→ EXERCISE OBJECTIVE: Return every line below as is, leaving out the pictures.

→ DATA SUPPLIED:
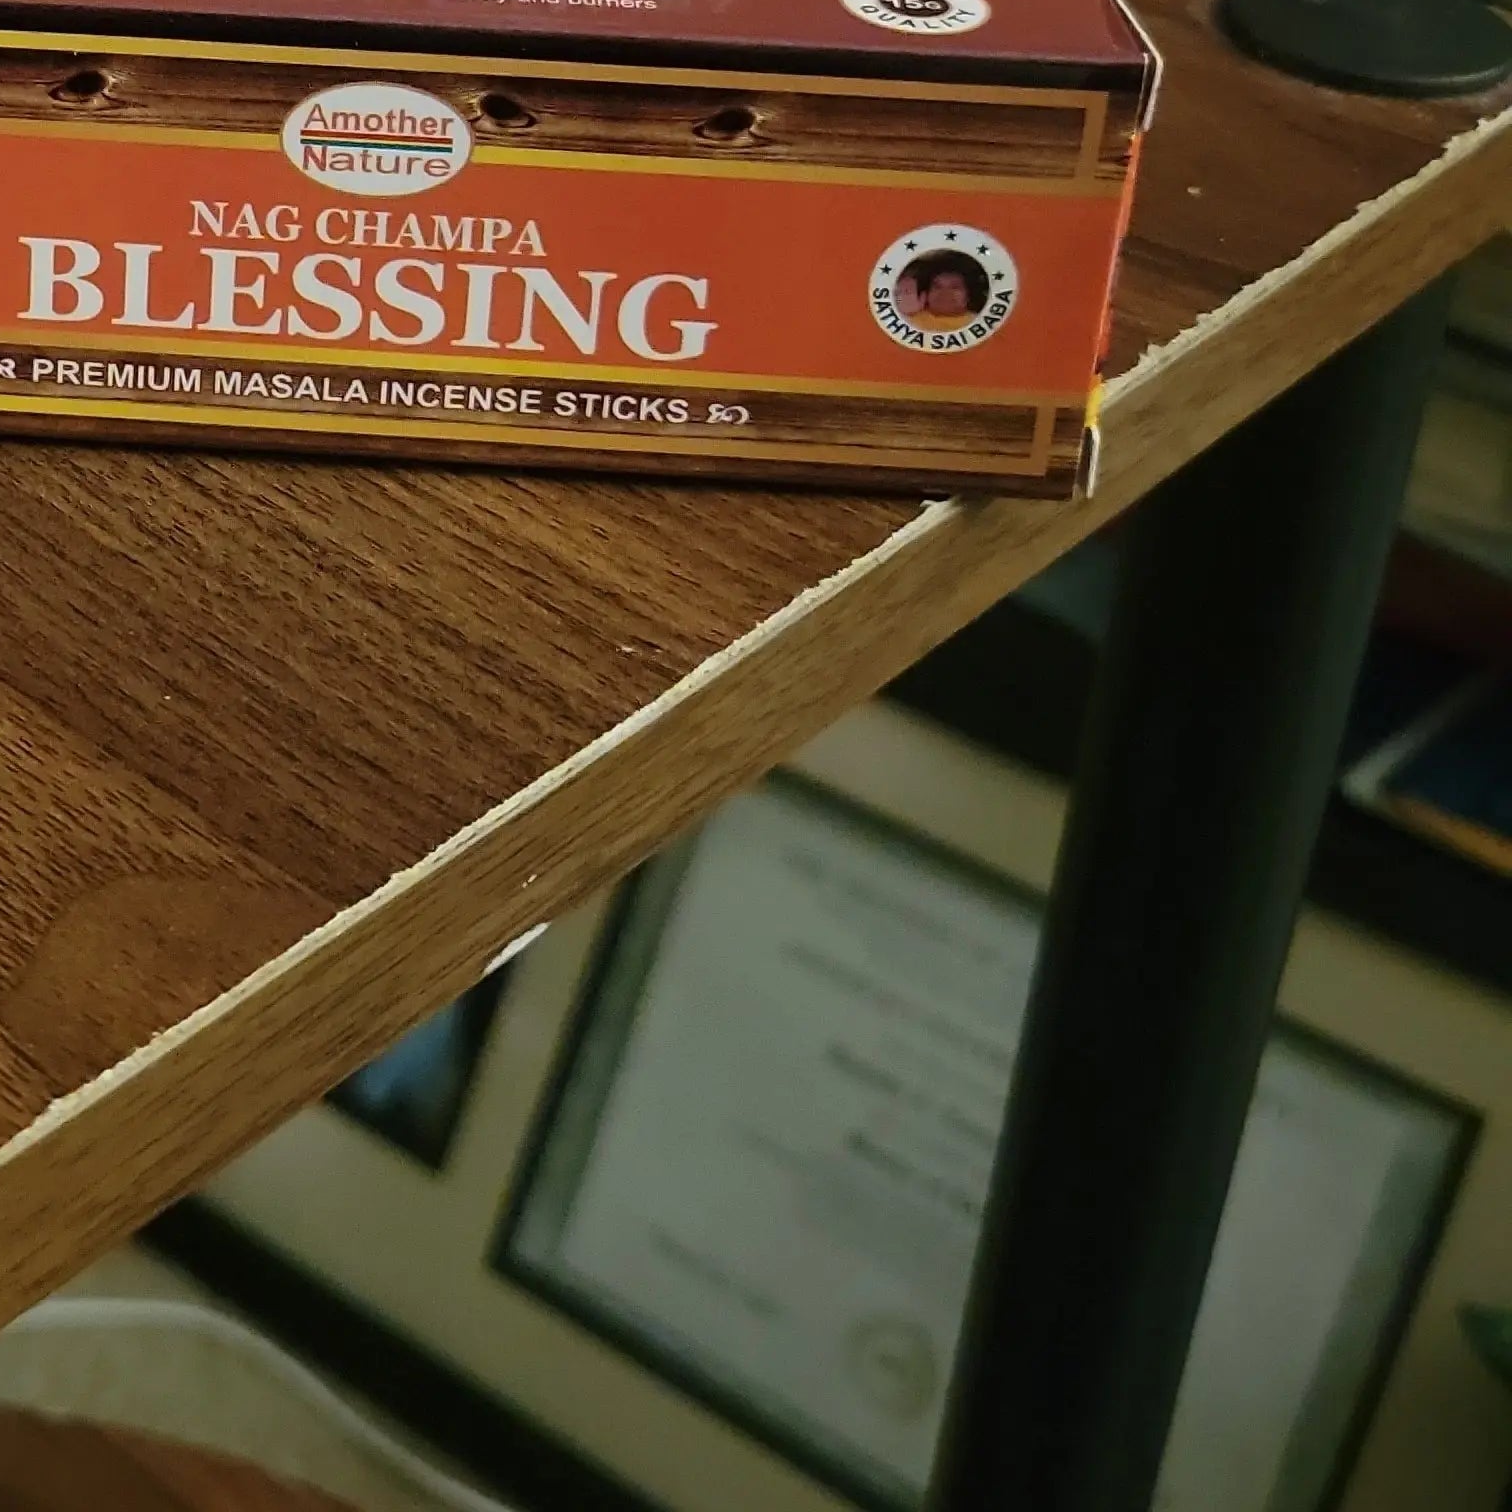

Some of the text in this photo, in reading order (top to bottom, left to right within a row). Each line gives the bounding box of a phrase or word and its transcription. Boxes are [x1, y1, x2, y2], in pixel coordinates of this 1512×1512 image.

[860, 5, 976, 29] QUALITY
[304, 103, 455, 137] Amother
[302, 145, 451, 177] Nature
[189, 200, 547, 257] NAG CHAMPA
[16, 235, 719, 362] BLESSING
[873, 287, 1014, 351] SATHYA SAI BABA
[31, 357, 689, 424] PREMIUM MASALA INCENSE STICKS
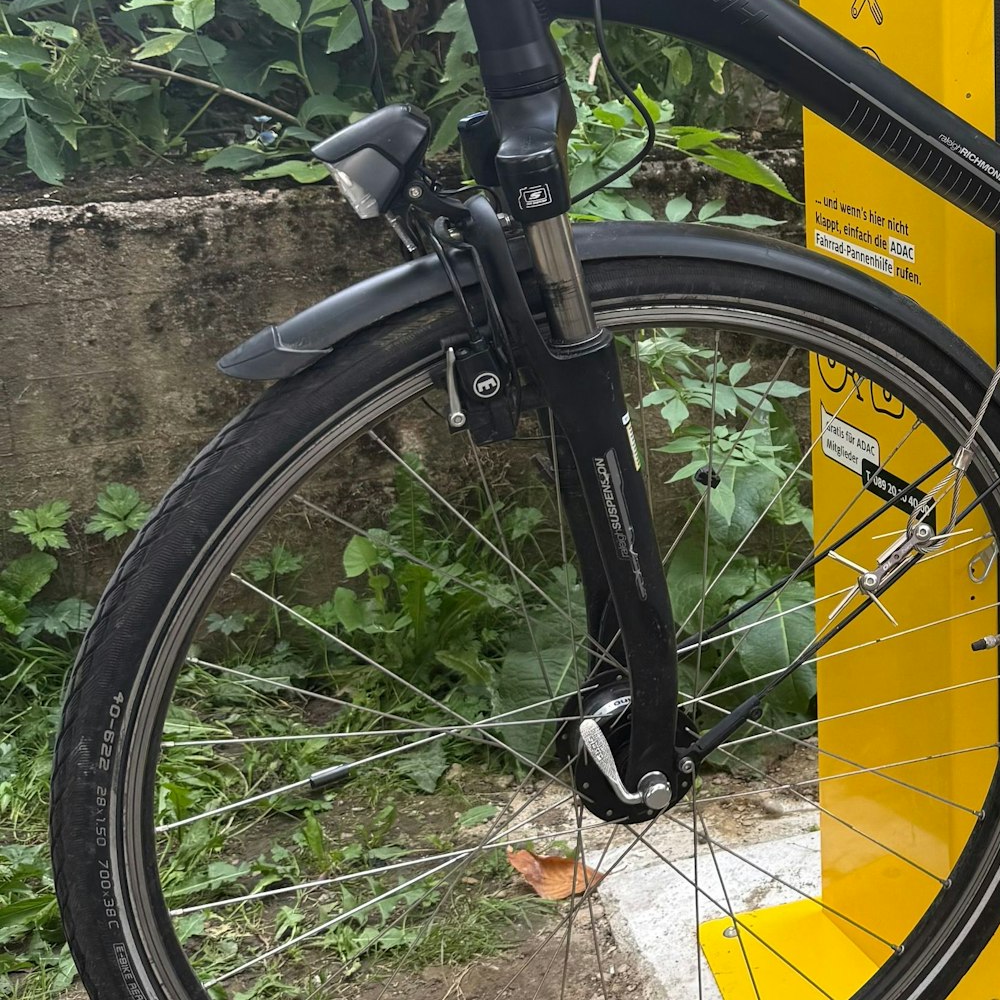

→ SOLUTION TO THE EXERCISE:
Some of the text in this photo, in reading order (top to bottom, left to right within a row). Each line gives the bounding box of a phrase or word and its transcription. Boxes are [x1, y1, x2, y2], in pixel coordinates of this 1512×1512 image.

[860, 5, 976, 29] QUALITY
[304, 103, 455, 137] Amother
[302, 145, 451, 177] Nature
[189, 200, 547, 257] NAG CHAMPA
[16, 235, 719, 362] BLESSING
[873, 287, 1014, 351] SATHYA SAI BABA
[31, 357, 689, 424] PREMIUM MASALA INCENSE STICKS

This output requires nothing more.